House Points: Nick Clegg, Gina Ford and airbrushing

My House Points column from today's Liberal Democrat News.

Ford unpopular

Interviewed by the Sunday Times last week, Nick Clegg mentioned that he and Miriam had tried then discarded the methods advocated by the mother-and-baby guru Gina Ford. “It was like following a sort of Ikea assembly instruction manual. It made us feel strangely passive as parents.”

I doubt this was planned by Cowley Street spin doctors: it reads like one of those outbreaks of candour Nick is prone to (and which make insiders nervous). But readers’ comments on the paper’s website suggest he struck a chord with the public.

Perhaps there is a lesson here. Parenting is one of those subjects that people talk about all the time but politics hardly touches. And note that Nick was just saying what he thinks: he was not proposing a new law or telling anyone what to do.

This is ammunition for those who argue that not every Lib Dem Conference debate has to be on a policy motion.
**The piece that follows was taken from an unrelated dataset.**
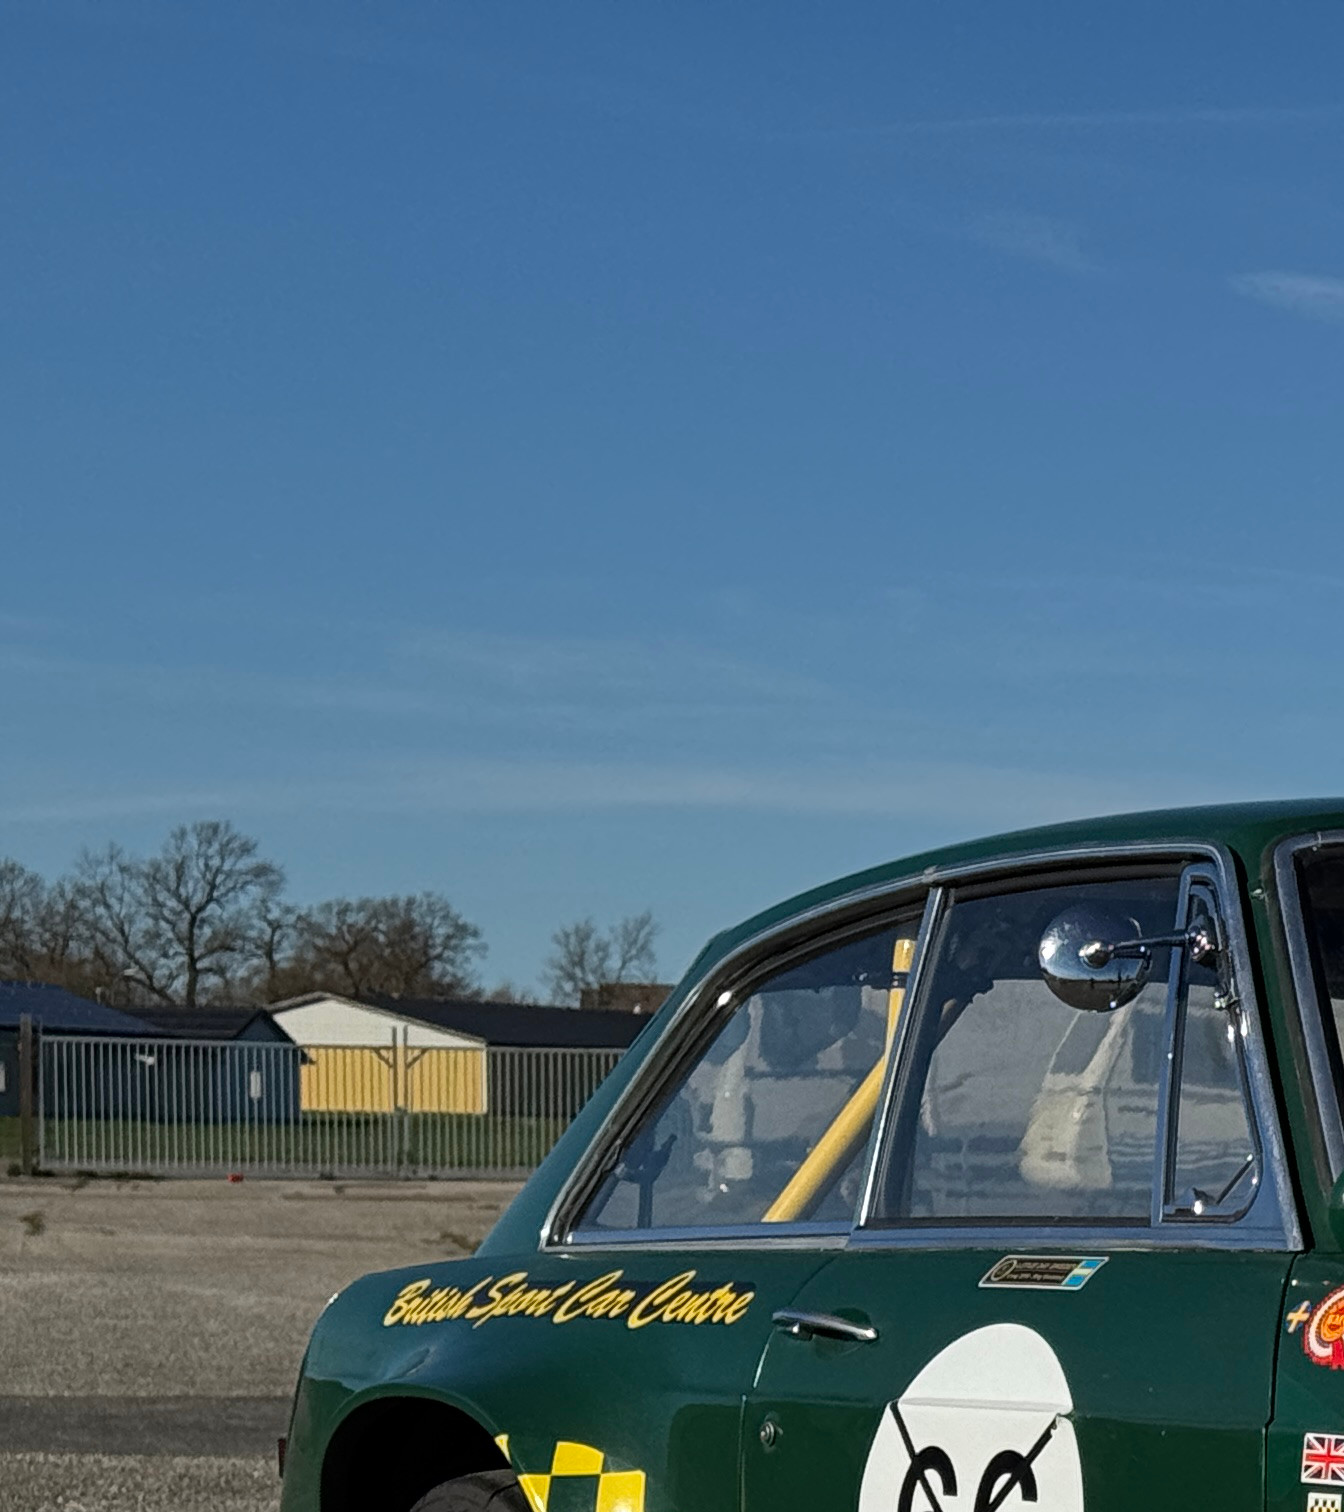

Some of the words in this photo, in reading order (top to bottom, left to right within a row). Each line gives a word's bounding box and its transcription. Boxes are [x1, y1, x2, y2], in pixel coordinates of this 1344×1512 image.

We don’t always have to promise voters two new Acts of Parliament and a Royal Commission.

I thought of this on Monday when Jo Swinson, who persuaded our last Conference to adopt a policy of obliging advertisers who use airbrushed photographs to declare it, had a Commons adjournment debate on the same subject.

She spoke well:
Hospital admissions for bulimia and anorexia among girls under 18 leapt by 47 per cent last year ... Media images are not the only factor responsible for that list of health problems, but they are a significant risk factor.

And:

One study of girls aged from five to seven found that girls had less body esteem and a greater desire for a thinner body after exposure to images of thin Barbie dolls, compared with girls exposed to images of dolls with a healthy body size.

I am not convinced that legislation is practicable, but those who oppose Lib Dem policy have no alternative. Rather than offer another way of tackling the problem, they simply deny it exists.

A healthy society would have a whole range of institutions – schools, churches, youth organisations – where such matters could be discussed and some authority was lodged. In Britain today it seems to be the state and a new law or nothing. Which is why Nick’s remarks were so refreshing.